European stocks declined, erasing their earlier gains, as shares of carmakers and commodity companies dropped.
The Stoxx Europe 600 Index lost 0.3 percent to 241.26 at 2:55 p.m. in London, after earlier advancing as much as 0.6 percent. The gauge rallied 2 percent in the previous three sessions as investors turned attention from the debt crisis to U.S. data that showed the recovery in the world’s largest economy is gathering pace.
The European (SXXP) Central Bank’s balance sheet soared to a record after it lent financial institutions more money last week in an attempt to keep credit flowing to the economy during the debt crisis.
Lending to euro-area banks jumped 214 billion euros ($280 billion) to 879 billion euros in the week ended Dec. 23, the Frankfurt-based ECB said in a statement today. Its balance sheet increased 239 billion euros to 2.73 trillion euros, it said.
Italy today sold 9 billion euros ($11.8 billion) of six- month Treasury bills at half the yield it agreed to pay at an auction of the securities last month. The Rome-based Treasury sold the 179-day bills at a rate of 3.251 percent, down from 6.504 percent on Nov. 25. Demand was 1.7 times the amount on offer, compared with 1.47 times last month.
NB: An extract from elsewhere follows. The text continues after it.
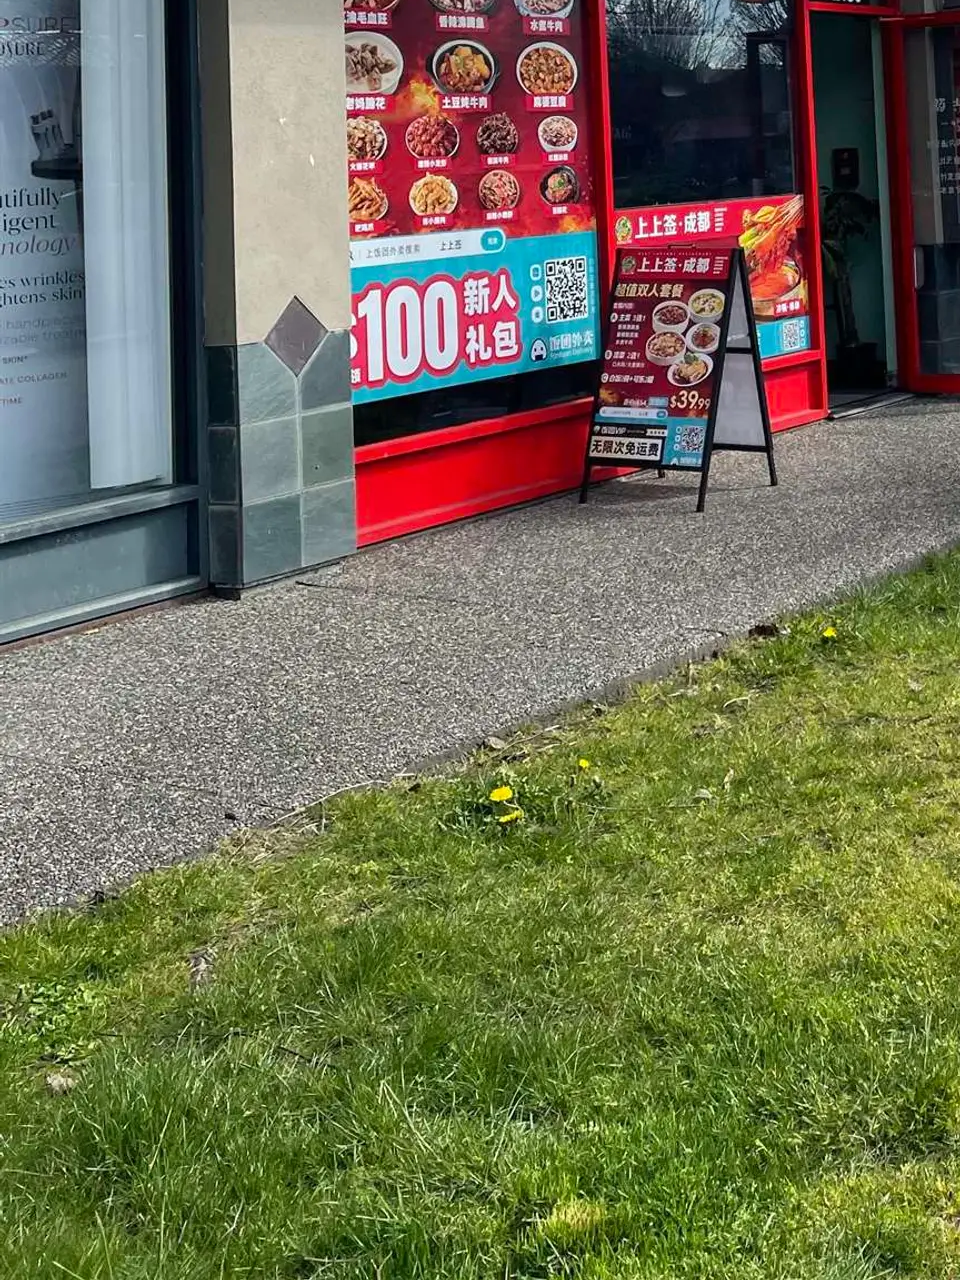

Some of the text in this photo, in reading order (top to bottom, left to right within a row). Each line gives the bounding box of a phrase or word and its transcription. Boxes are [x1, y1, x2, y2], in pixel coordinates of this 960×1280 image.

Italy also sold 1.733 billion euros of 2013 notes today to yield 4.853 percent, compared with a yield of 7.814 percent at the last auction on Nov. 25. The bid-to-cover ratio was 2.24, compared with 1.59 last month. Tomorrow Italy will auction four different securities, including a 10-year bond.
Lower Risks
“The odds to have a real problem in Italy in 2012 are much lower today than what they were three or four months ago,” said Jean-Paul Jeckelmann, chief investment officer at Banque Bonhote & Cie. in Neuchatel, Switzerland, who helps manage $1.4 billion in equities. “While today sets a hopeful basis, the real test is what happens with the long-term financing, which is much more difficult for investors and banks to carry in their books.”
Britain faces the “toughest” job market in two decades with the number of working people likely to fall by 120,000 in 2012, the Chartered Institute of Personnel and Development said.
“The U.K. jobs market will be weaker than at any time since the recession of the early 1990s,” John Philpott, chief economic adviser at the CIPD, an association for human-resource professionals, said in a statement. “The combination of worsening job shortages for people without work, mounting job insecurity and a further fall in real earnings for those in work may test the resilience and resolve of the U.K. workforce far more than it did in the recession of 2008-9.”
Greece will hold national elections at the end of April, state-run Athens News Agency reported, citing Finance Minister Evangelos Venizelos. The new poll date provides the government of Prime Minister Lucas Papademos more time to complete a new financing agreement and a debt swap, the newswire reported.